Items from a data source:
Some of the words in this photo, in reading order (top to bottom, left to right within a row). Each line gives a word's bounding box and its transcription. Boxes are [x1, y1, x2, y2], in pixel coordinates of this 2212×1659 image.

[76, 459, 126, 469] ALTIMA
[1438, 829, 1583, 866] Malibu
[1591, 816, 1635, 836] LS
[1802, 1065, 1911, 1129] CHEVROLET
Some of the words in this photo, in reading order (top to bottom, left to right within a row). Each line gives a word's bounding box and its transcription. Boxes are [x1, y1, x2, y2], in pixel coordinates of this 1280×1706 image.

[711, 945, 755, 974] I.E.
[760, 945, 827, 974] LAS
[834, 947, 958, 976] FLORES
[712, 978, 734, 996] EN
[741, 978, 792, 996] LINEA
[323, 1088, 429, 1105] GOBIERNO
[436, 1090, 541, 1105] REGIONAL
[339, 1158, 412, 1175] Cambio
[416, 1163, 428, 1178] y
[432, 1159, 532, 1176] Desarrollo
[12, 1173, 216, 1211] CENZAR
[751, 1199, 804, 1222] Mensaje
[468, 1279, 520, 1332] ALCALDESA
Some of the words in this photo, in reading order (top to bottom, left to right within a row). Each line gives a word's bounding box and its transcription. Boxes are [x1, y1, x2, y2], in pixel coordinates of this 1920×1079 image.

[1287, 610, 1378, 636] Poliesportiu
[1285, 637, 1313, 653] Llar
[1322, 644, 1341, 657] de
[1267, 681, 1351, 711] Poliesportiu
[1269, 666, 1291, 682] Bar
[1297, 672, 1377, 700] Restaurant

## PROBLEM STATEMENT
Each line of the data above should appear again in your answer, exactly as given.

## ANSWER TO THE PROBLEM
Some of the words in this photo, in reading order (top to bottom, left to right within a row). Each line gives a word's bounding box and its transcription. Boxes are [x1, y1, x2, y2], in pixel coordinates of this 2212×1659 image.

[76, 459, 126, 469] ALTIMA
[1438, 829, 1583, 866] Malibu
[1591, 816, 1635, 836] LS
[1802, 1065, 1911, 1129] CHEVROLET
Some of the words in this photo, in reading order (top to bottom, left to right within a row). Each line gives a word's bounding box and its transcription. Boxes are [x1, y1, x2, y2], in pixel coordinates of this 1280×1706 image.

[711, 945, 755, 974] I.E.
[760, 945, 827, 974] LAS
[834, 947, 958, 976] FLORES
[712, 978, 734, 996] EN
[741, 978, 792, 996] LINEA
[323, 1088, 429, 1105] GOBIERNO
[436, 1090, 541, 1105] REGIONAL
[339, 1158, 412, 1175] Cambio
[416, 1163, 428, 1178] y
[432, 1159, 532, 1176] Desarrollo
[12, 1173, 216, 1211] CENZAR
[751, 1199, 804, 1222] Mensaje
[468, 1279, 520, 1332] ALCALDESA
Some of the words in this photo, in reading order (top to bottom, left to right within a row). Each line gives a word's bounding box and its transcription. Boxes are [x1, y1, x2, y2], in pixel coordinates of this 1920×1079 image.

[1287, 610, 1378, 636] Poliesportiu
[1285, 637, 1313, 653] Llar
[1322, 644, 1341, 657] de
[1267, 681, 1351, 711] Poliesportiu
[1269, 666, 1291, 682] Bar
[1297, 672, 1377, 700] Restaurant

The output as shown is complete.